- _Records contained in a dataset_
■ ■ ■ ■ ■ ■ ■

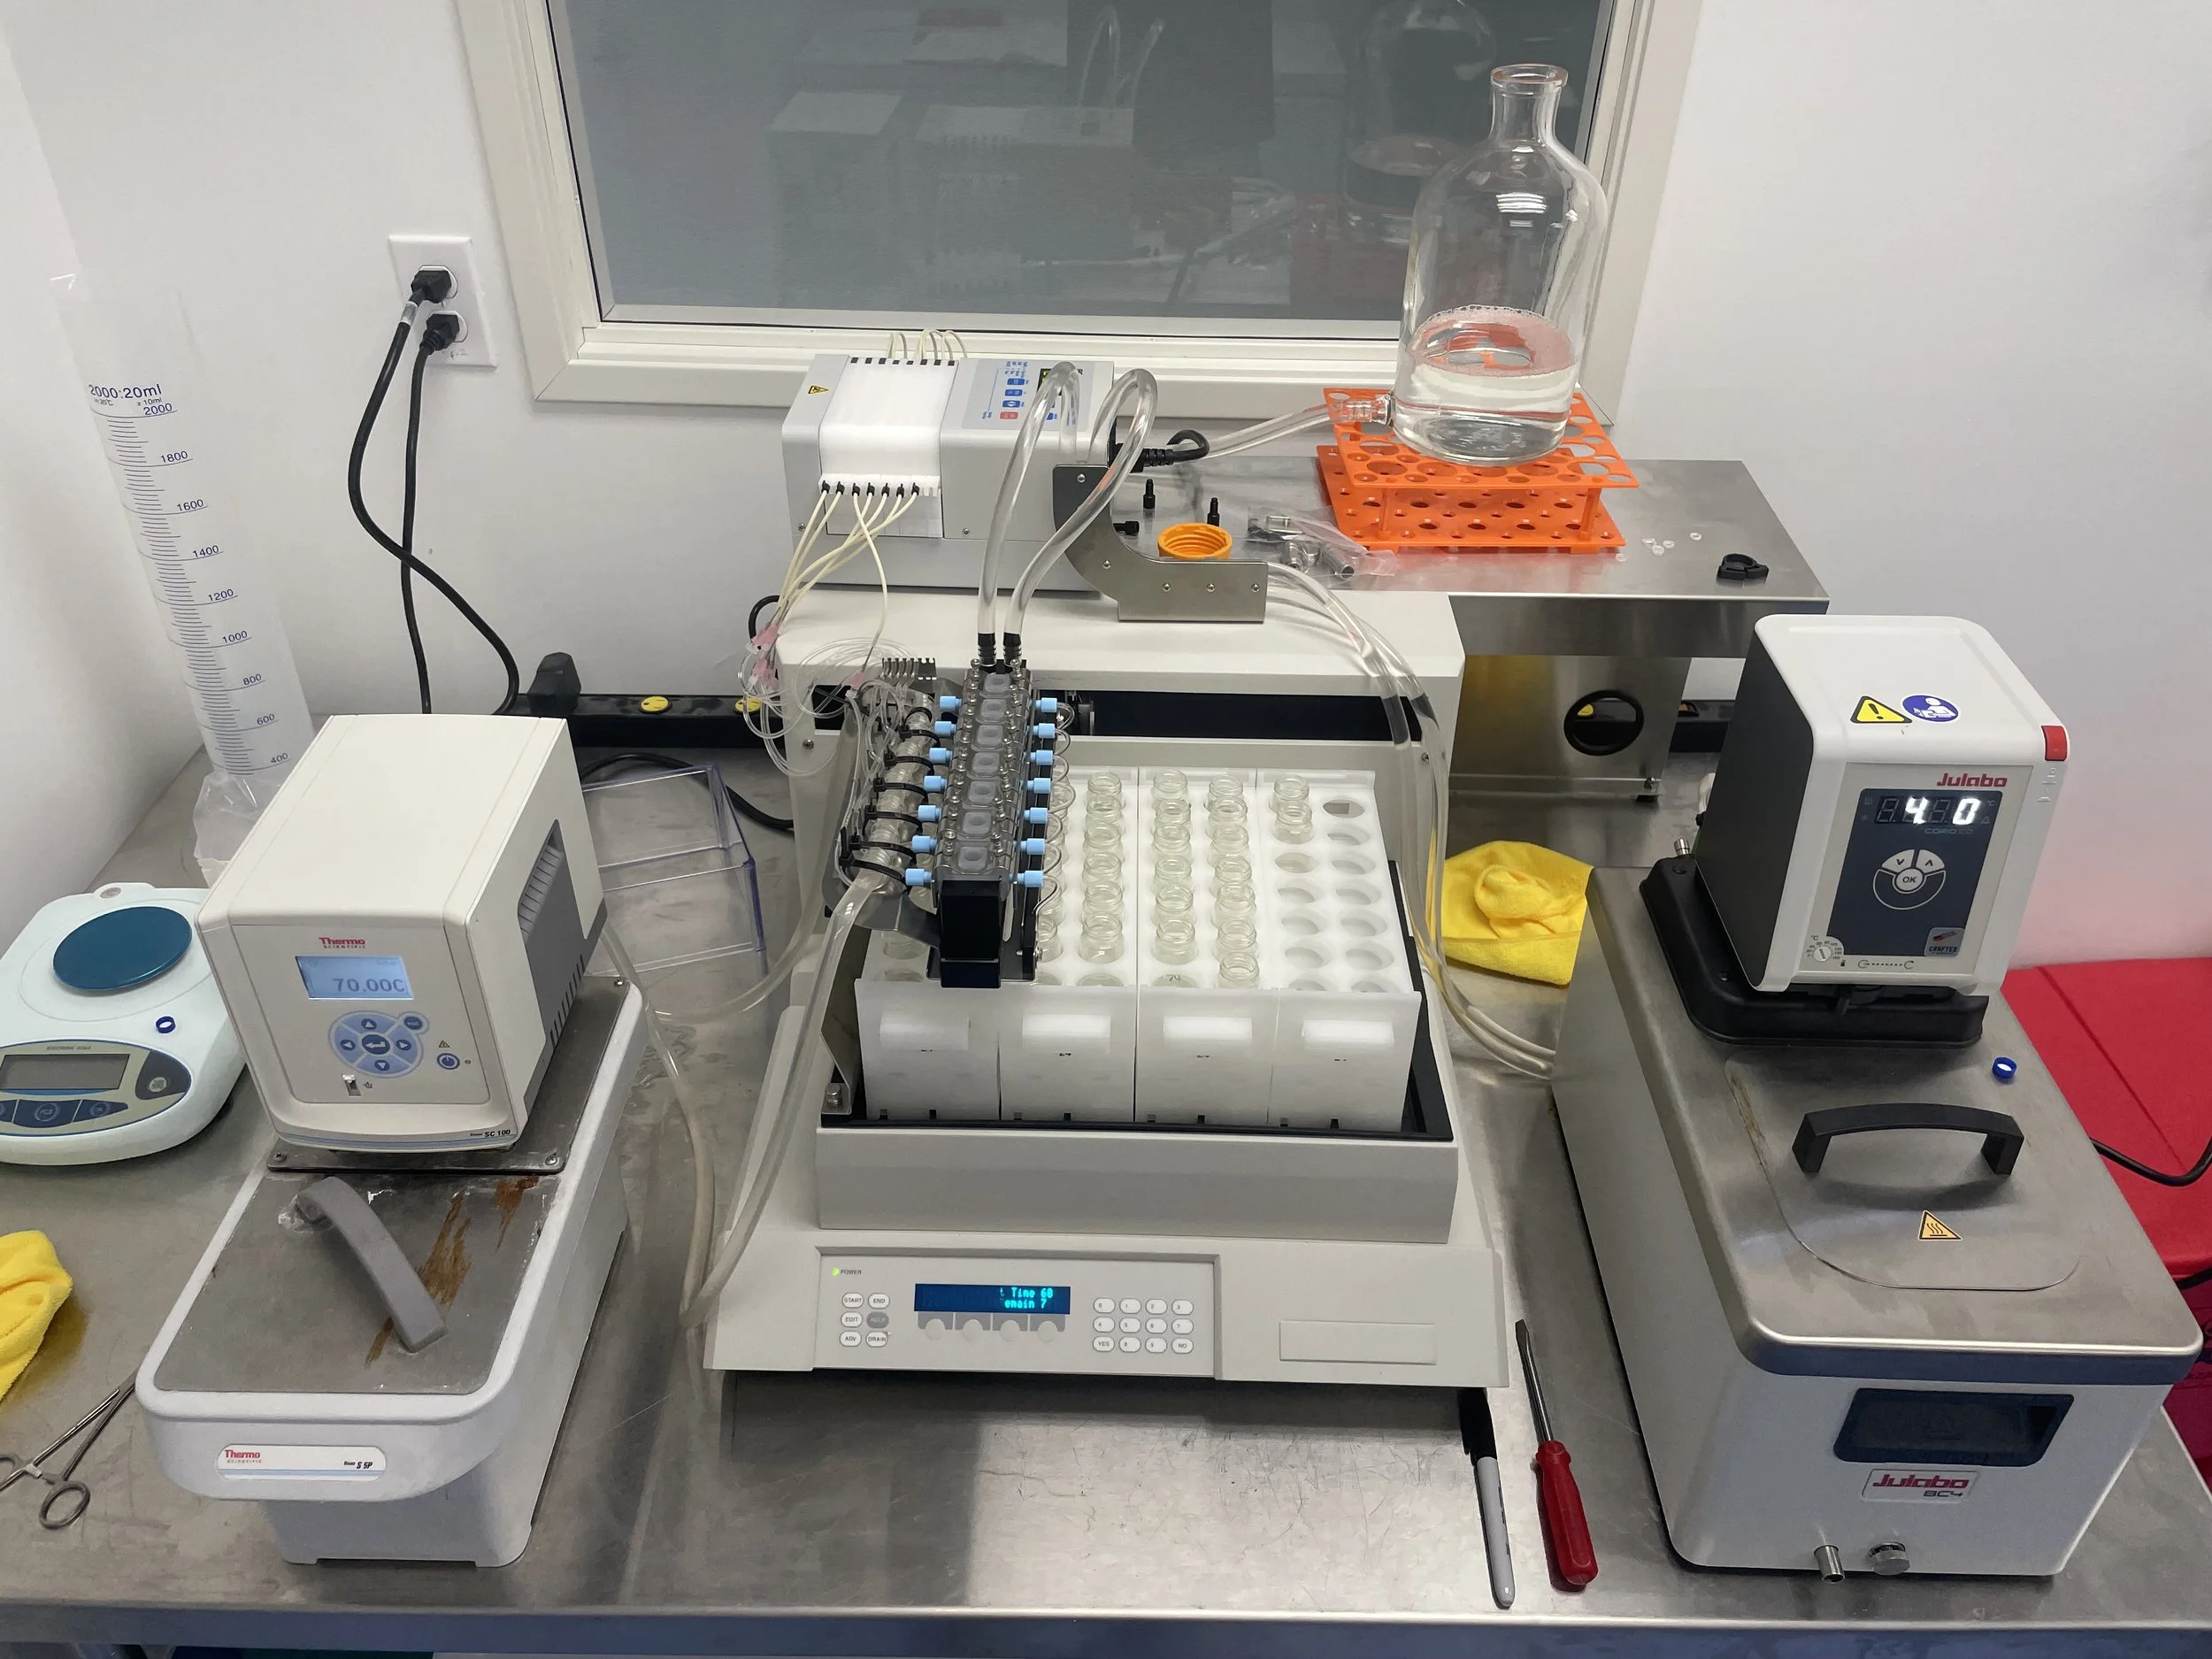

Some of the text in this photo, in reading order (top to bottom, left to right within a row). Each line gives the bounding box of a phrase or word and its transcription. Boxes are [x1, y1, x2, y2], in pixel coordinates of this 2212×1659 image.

[143, 403, 173, 416] 2000
[161, 450, 188, 464] 1800
[177, 498, 204, 512] 1600
[193, 544, 219, 558] 1400
[208, 588, 234, 602] 1200
[222, 630, 248, 644] 1000
[242, 673, 262, 686] 800
[257, 713, 275, 726] 600
[270, 752, 288, 764] 400
[333, 978, 405, 993] 70.00C
[1010, 1286, 1036, 1298] Time
[1041, 1287, 1054, 1299] 60
[1041, 1298, 1048, 1309] 7
[225, 1449, 261, 1459] Thermo
[356, 1461, 363, 1470] S
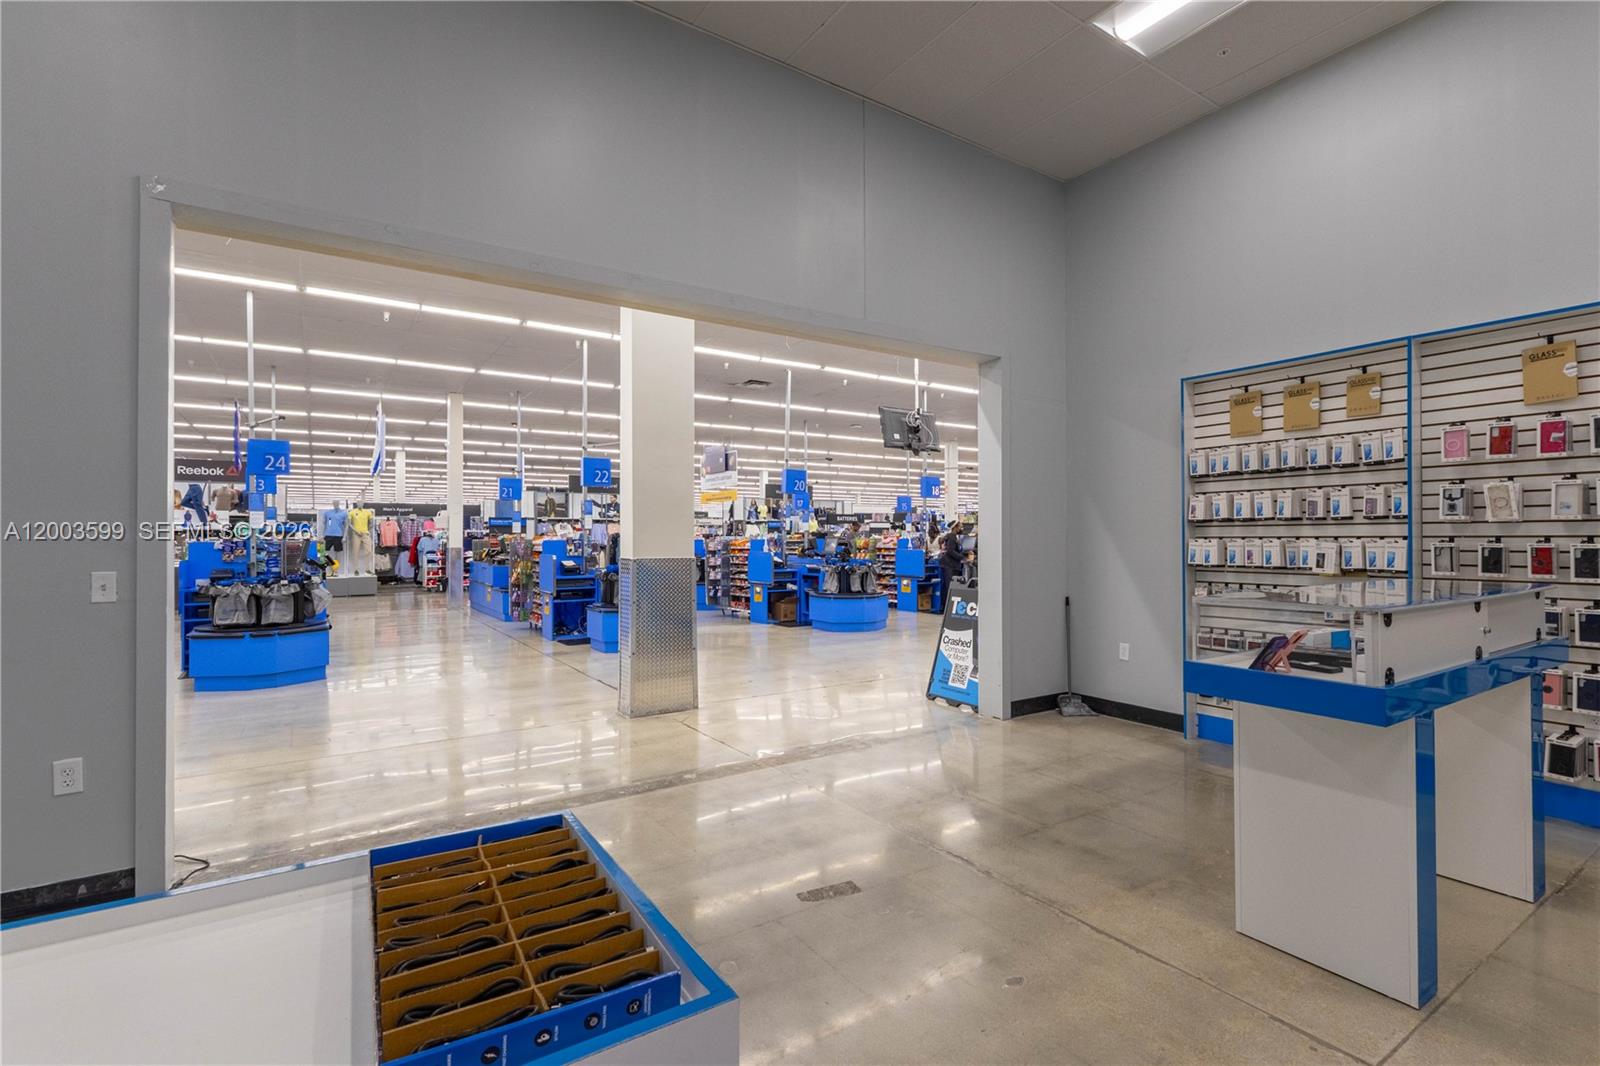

■ ■ ■ ■ ■ ■ ■

- _To do_
Copy all the entries above exactly as they stand, except for the pictures.

- _Answer space_
Some of the text in this photo, in reading order (top to bottom, left to right within a row). Each line gives the bounding box of a phrase or word and its transcription. Boxes are [x1, y1, x2, y2], in pixel coordinates of this 2212×1659 image.

[143, 403, 173, 416] 2000
[161, 450, 188, 464] 1800
[177, 498, 204, 512] 1600
[193, 544, 219, 558] 1400
[208, 588, 234, 602] 1200
[222, 630, 248, 644] 1000
[242, 673, 262, 686] 800
[257, 713, 275, 726] 600
[270, 752, 288, 764] 400
[333, 978, 405, 993] 70.00C
[1010, 1286, 1036, 1298] Time
[1041, 1287, 1054, 1299] 60
[1041, 1298, 1048, 1309] 7
[225, 1449, 261, 1459] Thermo
[356, 1461, 363, 1470] S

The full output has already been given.